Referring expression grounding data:
********************

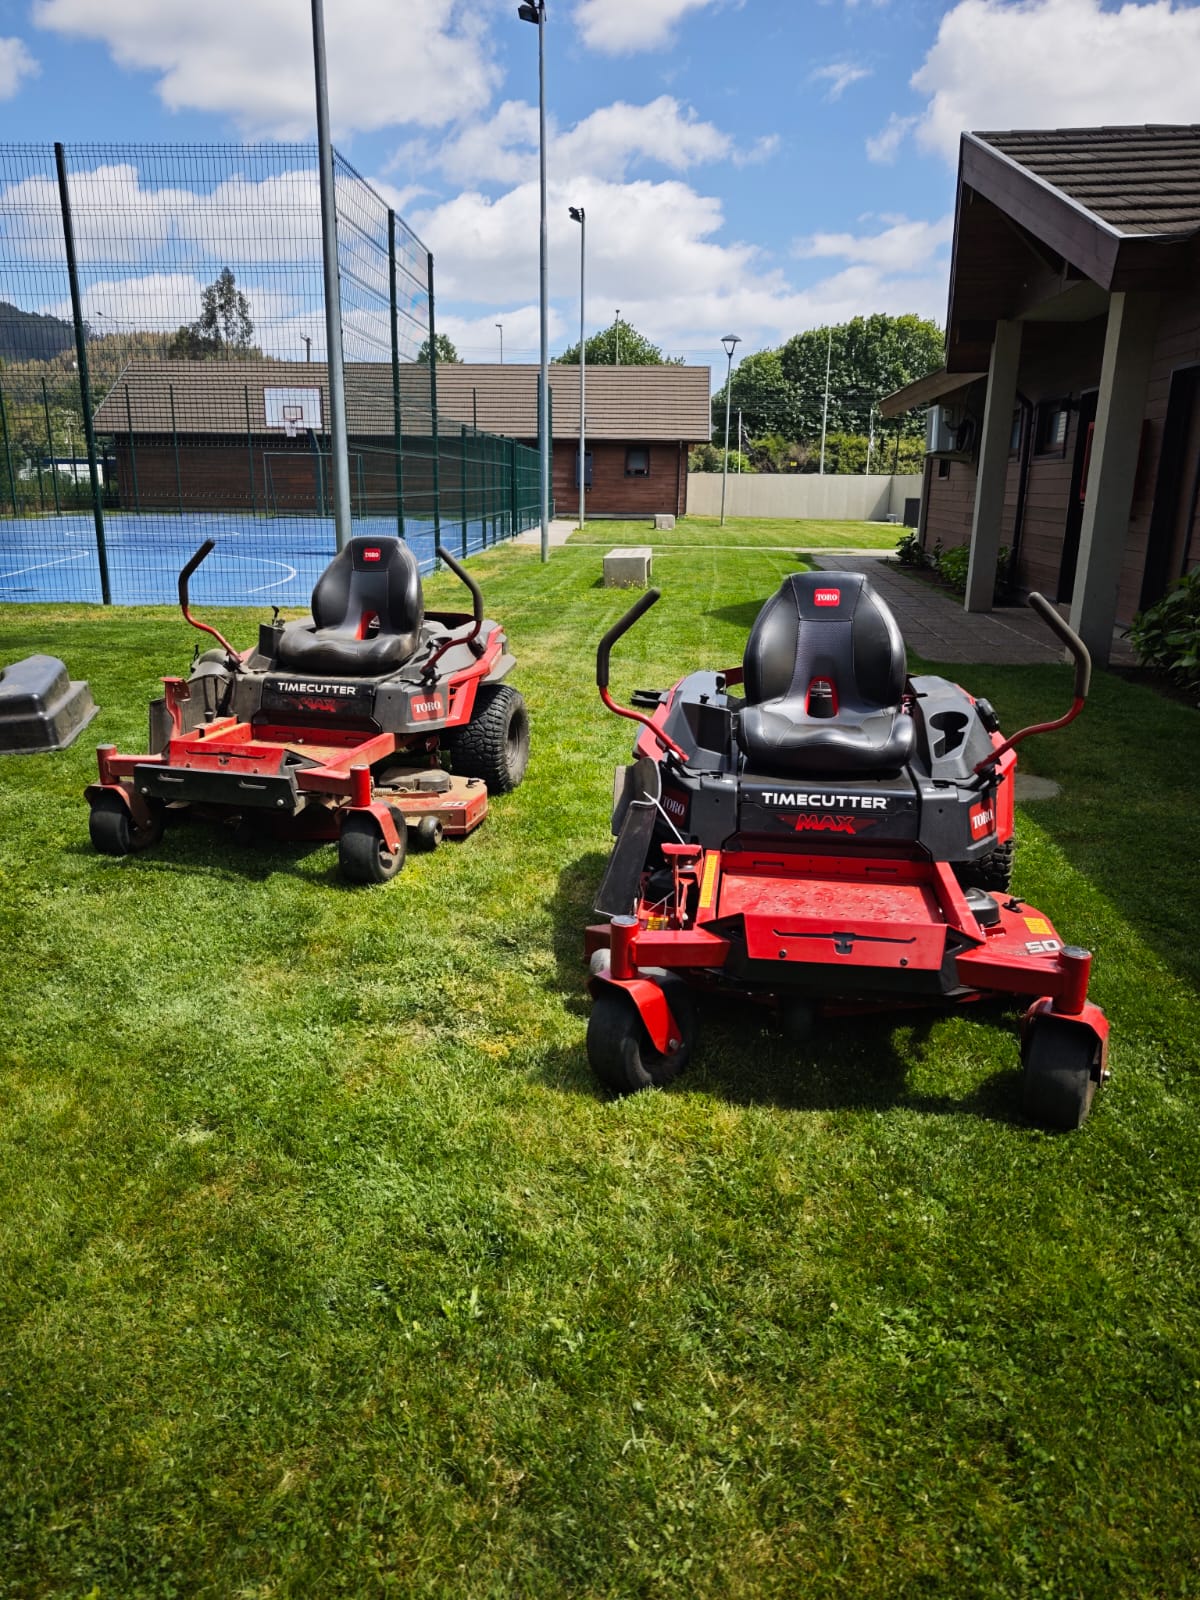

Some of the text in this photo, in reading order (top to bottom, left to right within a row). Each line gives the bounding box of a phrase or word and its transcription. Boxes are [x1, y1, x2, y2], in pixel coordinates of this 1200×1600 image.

[816, 593, 838, 601] TORO
[277, 682, 356, 695] TIMECUTTER
[414, 701, 441, 713] TORO
[662, 795, 685, 816] TORO
[761, 792, 887, 809] TIMECUTTER
[795, 813, 856, 834] MAX
[972, 809, 993, 829] TORO
[1025, 939, 1061, 954] 50
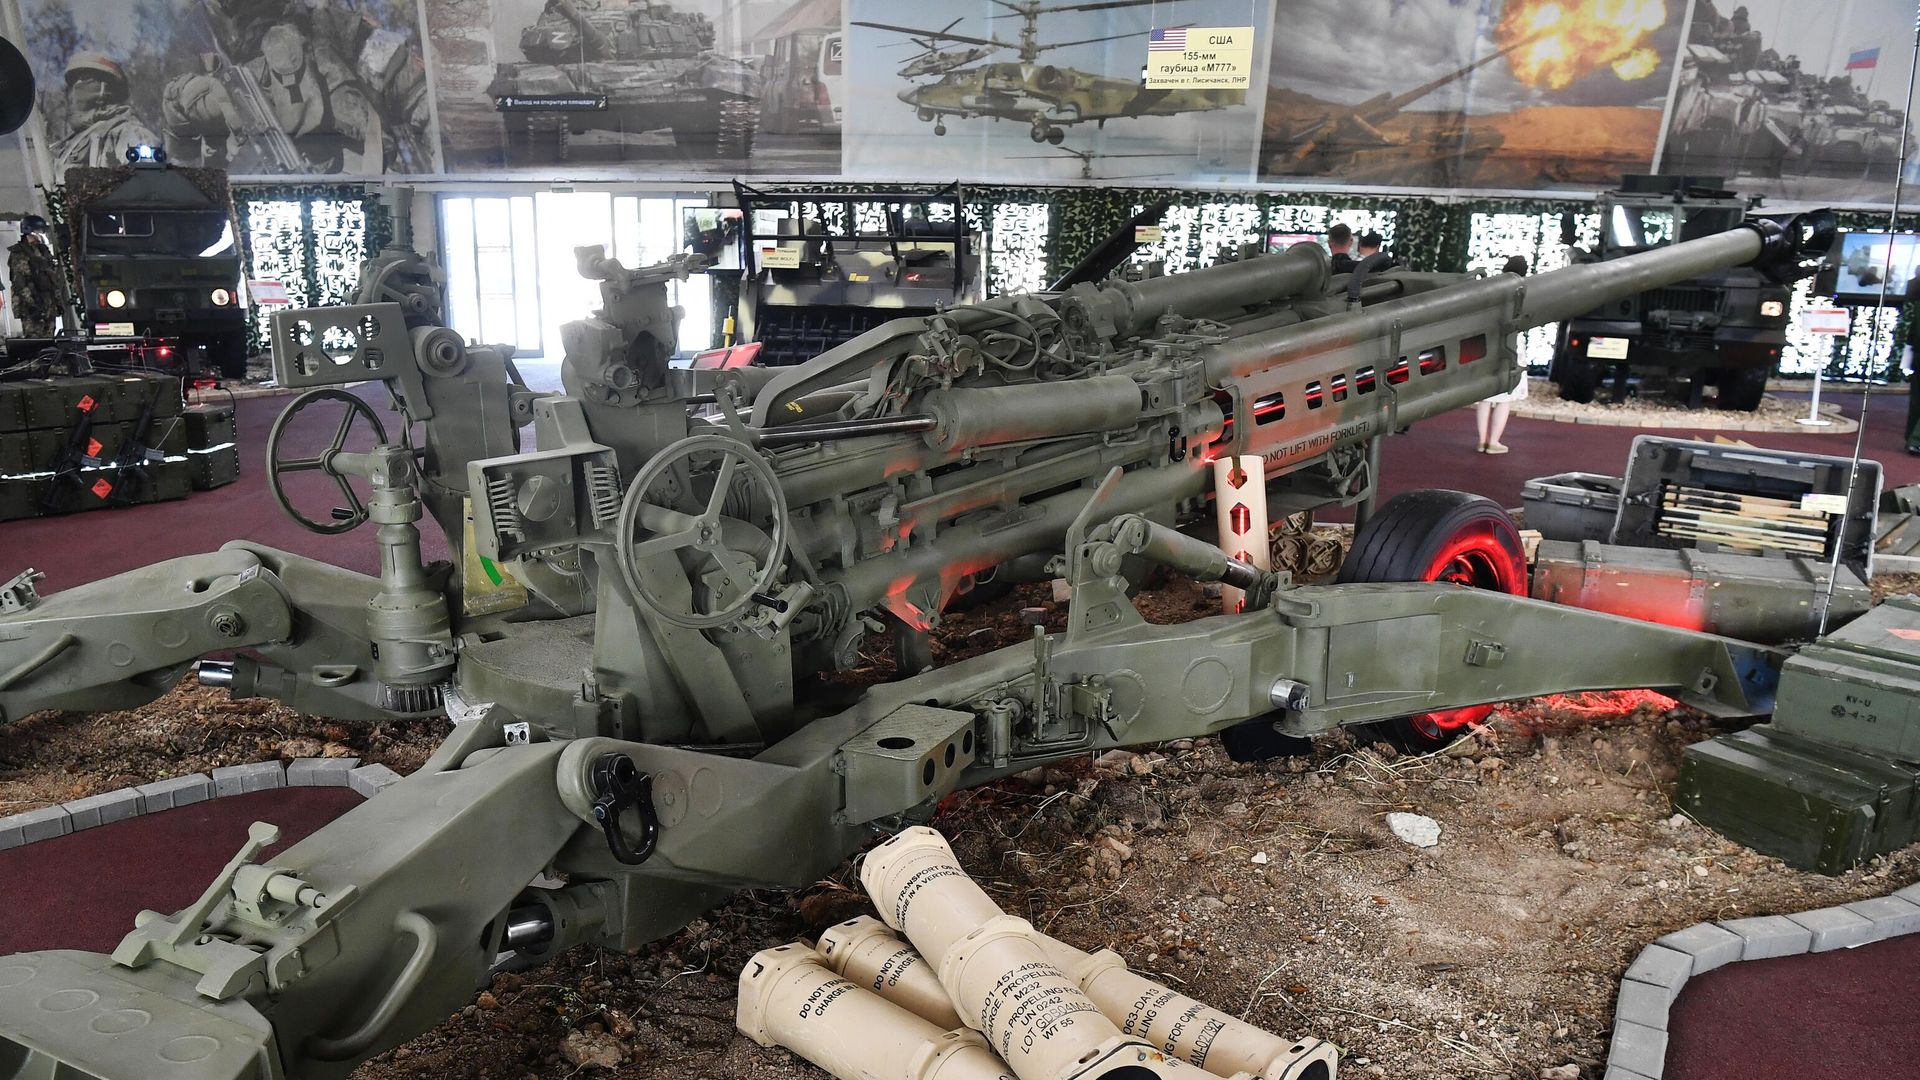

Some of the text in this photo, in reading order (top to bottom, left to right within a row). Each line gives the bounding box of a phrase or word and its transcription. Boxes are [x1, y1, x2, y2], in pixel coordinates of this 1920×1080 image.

********************

Task item: An exact copy of the data is required, with the pictures excluded.

Reply to the task:
Some of the text in this photo, in reading order (top to bottom, left to right within a row). Each line gives the bounding box of a phrase or word and its transcription. Boxes are [x1, y1, x2, y2], in pixel coordinates of this 1200×1600 image.

[816, 593, 838, 601] TORO
[277, 682, 356, 695] TIMECUTTER
[414, 701, 441, 713] TORO
[662, 795, 685, 816] TORO
[761, 792, 887, 809] TIMECUTTER
[795, 813, 856, 834] MAX
[972, 809, 993, 829] TORO
[1025, 939, 1061, 954] 50

Some of the text in this photo, in reading order (top to bottom, left to right within a row). Each line gives the bounding box of a phrase or word and its transcription. Boxes are [x1, y1, x2, y2], in pixel coordinates of this 1920×1080 image.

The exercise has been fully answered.